FReSCO: Flow Reconstruction and Segmentation for low latency Cardiac Output monitoring using deep artifact suppression and segmentation

上线时间:2022-03-25
期刊:N/A
链接:https://arxiv.org/abs/2203.13729

临床意义:心输出量 (CO) 的实时监测需要实时相位对比 MR (PCMR) 的低延迟重建和分割。
工程创新:独立训练深度伪影抑制和分割 U-Net。
方法:独立训练深度伪影抑制和分割 U-Net。

开源:否
评论:临床意义还算可以,工程部分挺一般的。

Student Become Decathlon Master in Retinal Vessel Segmentation via Dual-teacher Multi-target Domain Adaptation

上线时间:2022-03-07
期刊:N/A
链接:https://arxiv.org/abs/2203.03631

工程意义:多目标域适应。
工程创新:双重知识蒸馏
方法:风格增强和迁移(SAT)模块和双师知识蒸馏(DTKD)模块组成。SAT 通过贝塞尔和傅里叶变换将图像增强和聚类到源相似域和源不同域。DTKD 利用增强和转换的数据来训练两名教师,一个用于源相似域,另一个用于源不同域。之后,进行知识蒸馏,以迭代地将不同的领域知识从教师提炼到学生。

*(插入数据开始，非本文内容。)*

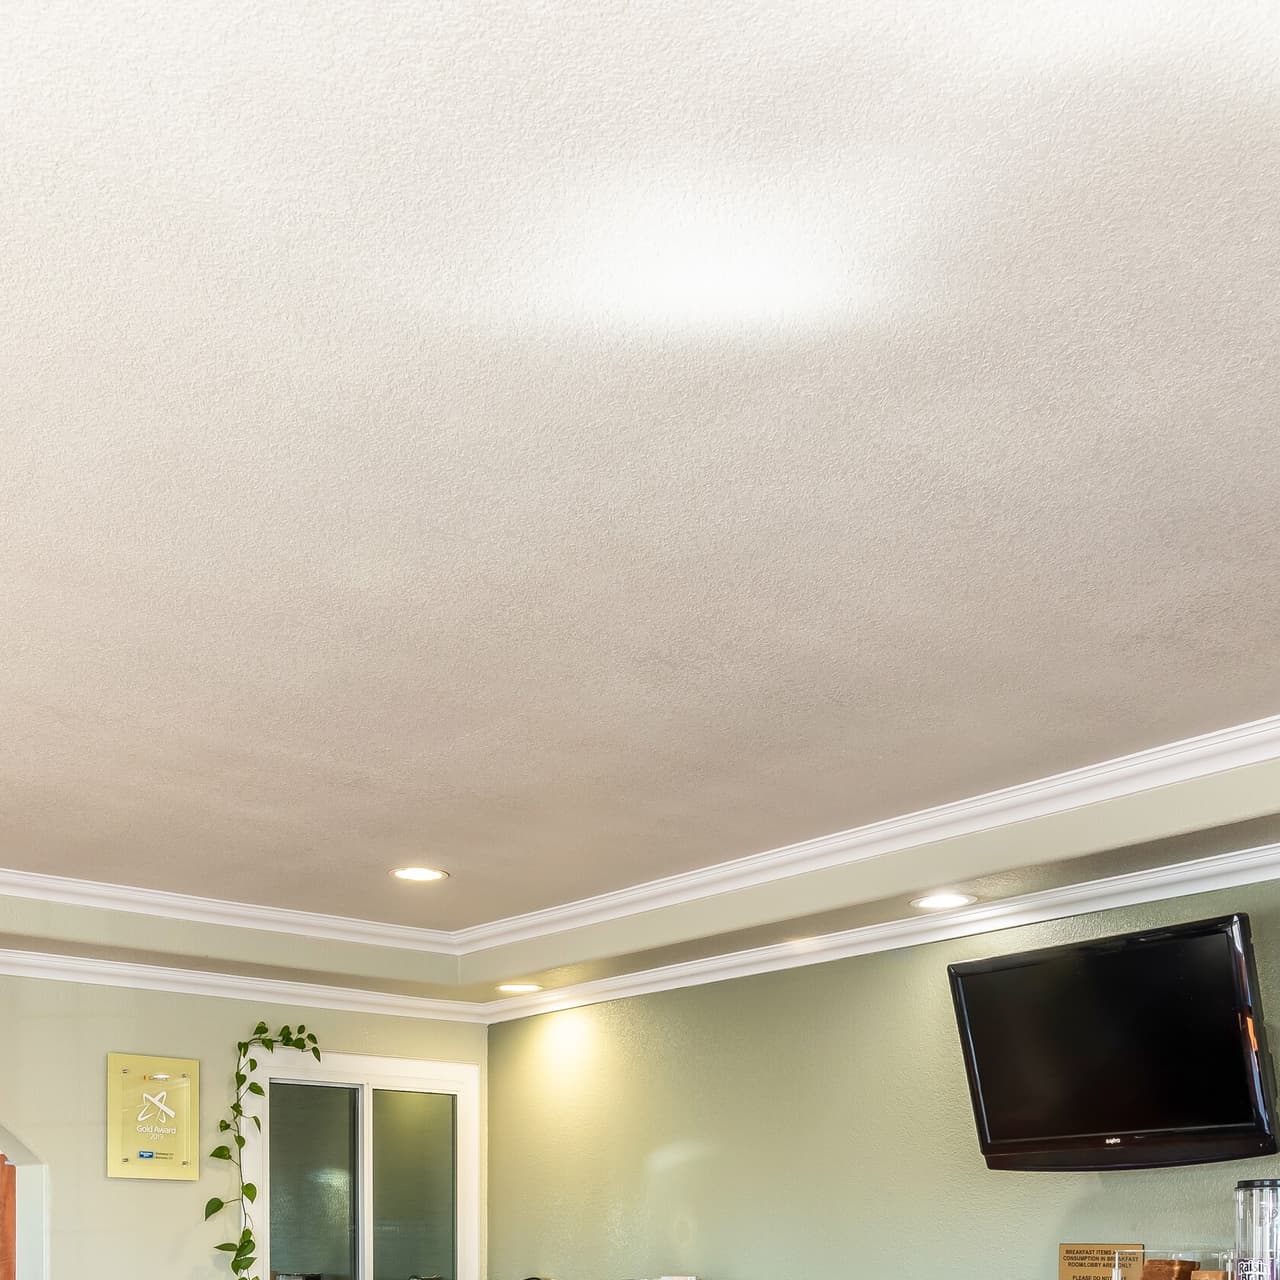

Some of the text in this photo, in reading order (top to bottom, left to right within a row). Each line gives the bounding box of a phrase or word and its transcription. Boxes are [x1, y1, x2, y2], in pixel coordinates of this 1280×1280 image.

开源:暂未;https://github.com/lkpengcs/rvms
评论:双重蒸馏已经挺常见的了,感觉创新性不是很足。变换法进行域转移的话,FedDG在好久前就有做过类似的。此外,视网膜图像在不同的中心条件下是相似的,或许这种UDA的效果不会很in the wild。

Multi-Source Unsupervised Domain Adaptation via Pseudo Target Domain

上线时间:2022-02-23
期刊:IEEE TIP
链接:https://ieeexplore.ieee.org/document/9720154

工程意义:多源域适应
工程创新:构建伪目标域
方法:使用具有度量约束的对抗学习将每组源域和目标域映射到一个特定于组的子空间,并相应地构造一系列伪目标域。然后,将剩余源域与子空间中的伪目标域对齐,这允许通过对伪目标域的训练来利用额外的结构化源信息,并提高真实目标域的性能。

开源:否
评论:多源域适应是一个常见的问题,这个解法还行。此外,网络图画的不是很好看懂,因为没有主体。